Rabbi Chaim Yechiel Rothman, Hy”d

YERUSHALAYIM (Hamodia Staff) —

Almost one year after the horrific massacre carried out by Palestinian terrorists at the Bnei Torah Shul in Har Nof, Rabbi Chaim Yechiel Rothman, Hy”d, died of his wounds on Motzoei Shabbos.

Rabbi Rothman had been in a coma caused by blows to the head from an axe when he tried to fight off the terrorists, his family said.

Thousands attended the emotional levayah, at which Bnei Torah’s Rabbi Mordechai Hacohen Rubin delivered a hesped:

“It’s been almost a year and our hearts are boiling again,” Rubin said. “It’s been a year since the attack and we cannot forget what our eyes have seen or return to a normal routine. Again death is at our window, as if the heavens are reminding us to ‘remember, and not to forget,’” he said.

“Remember what Yishmael did to you,” he enjoined. “The two villains slaughtered and shot people, leaving five widows and 35 orphans.”

The attackers stormed the synagogue shortly after 7 a.m. during Shacharis on November 18, 2014, brutally murdering Rabbi Moshe Twersky, Hy”d, Aryeh Kupinsky, Hy”d, Rabbi Kalman Levine, Hy”d, and Rabbi Avraham Shmuel Goldberg, Hy”d, along with policeman Zidan Saif, who bravely tried to fight off the attackers.

Although in a coma for almost a year, Rabbi Rothman was not alone. Mrs. Rothman went to Herzog almost every morning, after getting her young children off to school. She started with Modeh Ani, then said four chapters of Tehillim (20, 121, 130 and 142). They learned Shemiras Halashon, followed by the aliyah of the day of the weekly parashah, a halachah and a section from Rav Pincus’ book on Elul.
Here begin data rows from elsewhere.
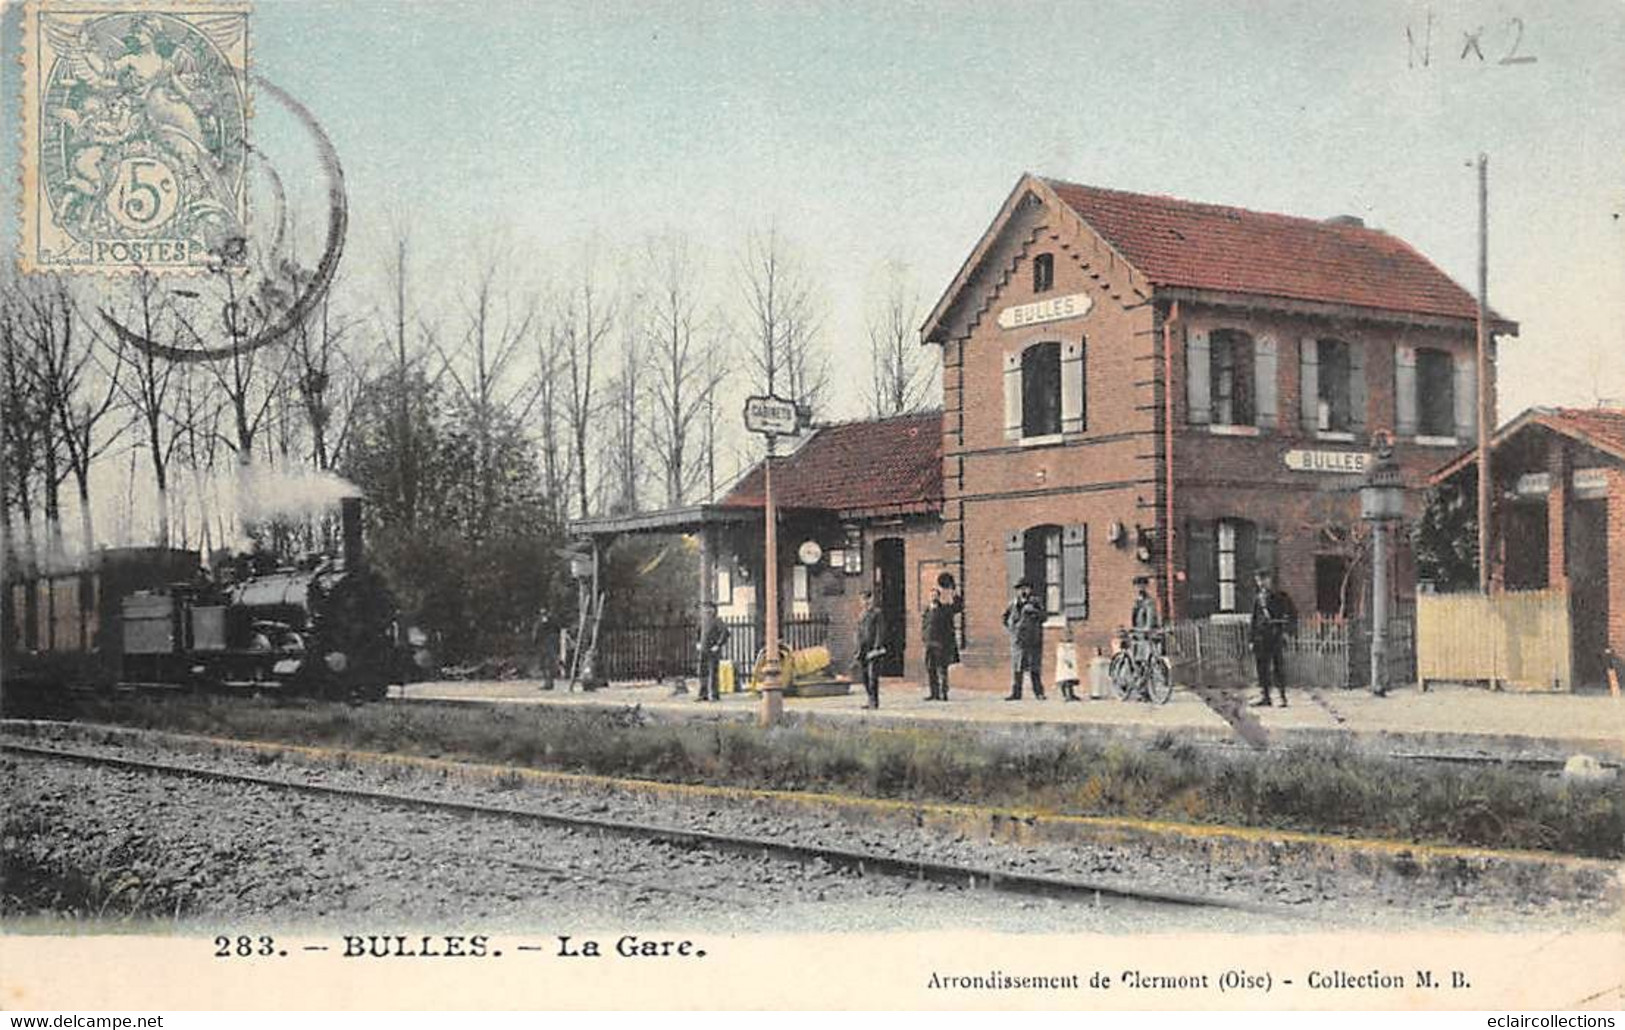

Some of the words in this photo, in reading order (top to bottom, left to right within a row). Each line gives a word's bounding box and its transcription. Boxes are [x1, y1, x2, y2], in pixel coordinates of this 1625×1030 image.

[1498, 17, 1537, 65] 2
[96, 242, 186, 263] POSTES
[1014, 299, 1074, 323] BULLES
[1302, 452, 1364, 470] BULLES
[214, 936, 288, 957] 283.
[343, 935, 502, 957] BULLES.
[557, 935, 600, 957] La
[616, 935, 706, 957] Gare.
[927, 971, 1079, 989] Arrondissement
[1089, 971, 1111, 989] de
[1218, 970, 1272, 993] (Oise)
[1307, 970, 1404, 989] Collection
[1415, 971, 1439, 989] M.
[1452, 971, 1471, 989] B.
“It’s food for his neshamah,” Mrs. Risa Rothman said in a recent interview,

“When I’m saying Tehillim or learning with him, I’m feeding his neshamah.”

Several people from the Bnei Torah kehillah arranged to learn b’chavrusah in Chaim’s presence in the afternoons and evenings, when Mrs. Rothman wasn’t there. His Daf Yomi chavrusah of more than 23 years came regularly.

At the State Comptroller’s Office, he was the in-house expert in an auditing program called IDEA. He would travel to branches all around the country teaching people how to use the program and trouble-shooting.

“He stood out as one of the very few chareidim there,” Mrs. Rothman recalled in the interview. “He’s so patient. He was there for everybody. They’re still crying. They still miss him and come to visit every week.”

“He had tremendous ahavas Yisrael, precision in halachah, precision in his avodas Hashem, emes and yashrus. There were no half measures.

“Everyone who knew Chaim, even by sight, was struck by his chen, his goodness. “If he was driving, he wouldn’t just stop when he saw someone looking for a ride. He looked for people who might need rides. It bothered him if he drove out of the neighborhood without picking someone up.

“He always had to be the first to say hello. My neighbors tell me, ‘We miss your husband. We miss his boker tov.’

“He knew all the street kids in Har Nof by name. He’d definitely take notice of kids who didn’t fit in, and there were a lot of them. He’d send them mishloach manos and would offer to learn with them, or just play chess. Anything.”

How did he find the time? “He went to sleep at 2 a.m. And he had a big heart.

“He was motivated by a desire to do retzon Hashem, and by a deep feeling of ahavas Yisrael.”

Rabbi Rothman was laid to rest in the Givat Shaul cemetery in Yerushalayim.